Producer-director Cecil B DeMille’s incredibly lavish and kitsch 1934 epic version of the Cleopatra story is infectiously extravagant in every way, as befits the ultimate showman he was. He was determined to make a popular movie of the story, feeling that the William Shakespeare and George Bernard Shaw play versions were too highbrow.
And he did. The film was one of Paramount’s biggest hits of the year. It won One Oscar – for Best Cinematography for Victor Milner – and was also nominated for Best Picture, Best Sound Recording (Franklin Hansen), Best Assistant Director (Cullen Tate) and Best Film Editing (Anne Bauchens).

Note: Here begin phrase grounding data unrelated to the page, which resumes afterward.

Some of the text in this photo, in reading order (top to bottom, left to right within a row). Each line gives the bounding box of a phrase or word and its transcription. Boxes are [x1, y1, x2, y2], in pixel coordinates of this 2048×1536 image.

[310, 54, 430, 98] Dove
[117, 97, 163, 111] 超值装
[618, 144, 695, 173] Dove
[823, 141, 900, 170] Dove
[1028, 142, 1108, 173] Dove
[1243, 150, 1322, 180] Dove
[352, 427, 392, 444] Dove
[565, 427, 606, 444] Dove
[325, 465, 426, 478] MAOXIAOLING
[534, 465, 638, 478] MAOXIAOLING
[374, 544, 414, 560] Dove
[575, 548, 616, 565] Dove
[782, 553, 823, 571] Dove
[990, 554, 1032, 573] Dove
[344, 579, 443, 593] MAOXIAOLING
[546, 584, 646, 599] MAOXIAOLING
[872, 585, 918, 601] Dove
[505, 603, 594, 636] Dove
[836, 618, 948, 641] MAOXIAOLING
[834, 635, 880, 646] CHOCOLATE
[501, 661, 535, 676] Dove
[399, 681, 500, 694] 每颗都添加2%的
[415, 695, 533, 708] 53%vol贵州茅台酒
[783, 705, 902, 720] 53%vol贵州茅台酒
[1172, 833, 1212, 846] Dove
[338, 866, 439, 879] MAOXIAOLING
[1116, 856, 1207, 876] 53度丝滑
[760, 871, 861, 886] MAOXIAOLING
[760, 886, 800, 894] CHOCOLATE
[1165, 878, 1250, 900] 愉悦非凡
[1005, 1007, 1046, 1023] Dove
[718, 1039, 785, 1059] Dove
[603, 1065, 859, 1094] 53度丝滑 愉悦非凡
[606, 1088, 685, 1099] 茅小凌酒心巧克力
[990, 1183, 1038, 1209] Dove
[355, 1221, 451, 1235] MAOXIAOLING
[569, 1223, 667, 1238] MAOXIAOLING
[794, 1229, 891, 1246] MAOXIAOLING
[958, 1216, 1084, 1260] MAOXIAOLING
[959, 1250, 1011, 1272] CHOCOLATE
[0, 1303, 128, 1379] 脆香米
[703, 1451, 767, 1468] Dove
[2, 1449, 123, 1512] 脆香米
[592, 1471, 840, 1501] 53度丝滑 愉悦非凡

Looking magnetic and magnificent, Claudette Colbert is authoritative and imperious, stamping her personality all over the Egyptian Queen of the Nile title role, but Henry Wilcoxon and Warren William haven’t worn so well as Marc Antony and Julius Caesar. However, there’s a clutch of admirable support turns to relish, led by Ian Keith’s Octavian, Gertrude Michael’s Calpurnia, Joseph Schildkraut’s King Herod, C Aubrey Smith’s Enobarbus and Arthur Hohl’s Brutus. A very young David Niven has a bit part as a slave.
In 48 BC, Cleopatra welcomes the arrival in Egypt of Julius Caesar to solidify her power under Rome. Man-eater Cleo leads Caesar astray, but he is killed, so she quickly transfers her love onto Marc Antony.
Even if the pacing is jerky and some of Waldemar Young, Vincent Lawrence and Bartlett Cormack’s screen-writing is hesitant, this gorgeous antique show is still great loads of enormous fun, with deliciously camp performances, glorious black and white cinematography, and the accent on eye-popping spectacle. The film is also memorable for Hans Dreier’s sumptuous Art Deco sets, Travis Banton’s costumes, Rudolph George Kopp’s atmospheric music and DeMille’s legendary set piece of Cleopatra’s seduction of Antony on her barge.
Also in the huge cast are Leonard Mudie, Irving Pichel, Claudia Dell, Robert Warwick, Edwin Maxwell, Ian McLaren, Eleanor Phelps, Grace Durkin, Ferdinand Gottschalk, Harry Beresford, Jayne Regan, William Farnum, Lionel Belmore, Florence Roberts, Richard Alexander, Celia Ryland, William V Mong, George Walsh, Jack Rutherford, Edgar Dearing, John Carradine, Jack Mulhall and Agnes DeMille.
The just pre-Hays Code movie could still be risqué, and it opens with an apparently naked but strategically lit slave girl holding an incense burner in each hand as the title appears on screen.
Universal released a 75th anniversary DVD edition in 2009.
DeMille borrowed a copy of the 1917 silent version of Cleopatra with Theda Bara from the Fox studio for a private viewing. On July 9 1937, a fire at the storage facility destroyed almost all of Fox’s archived prints, presumably including Cleopatra. DeMille’s screening is probably the last time anyone saw the legendary film.
It was Colbert’s year. She won the Oscar for Best Actress for It Happened One Night, made the same year (1934). Unfortunately Colbert was terrified of snakes and very uneasy about her climactic scene with an asp. DeMille had a huge snake sent from Los Angeles Zoo and approached Colbert on set with it as she sat in costume on her throne. The actress was terrified and DeMille produced a little asp and said ‘How about this instead?’ Colbert was happy to film with the small snake.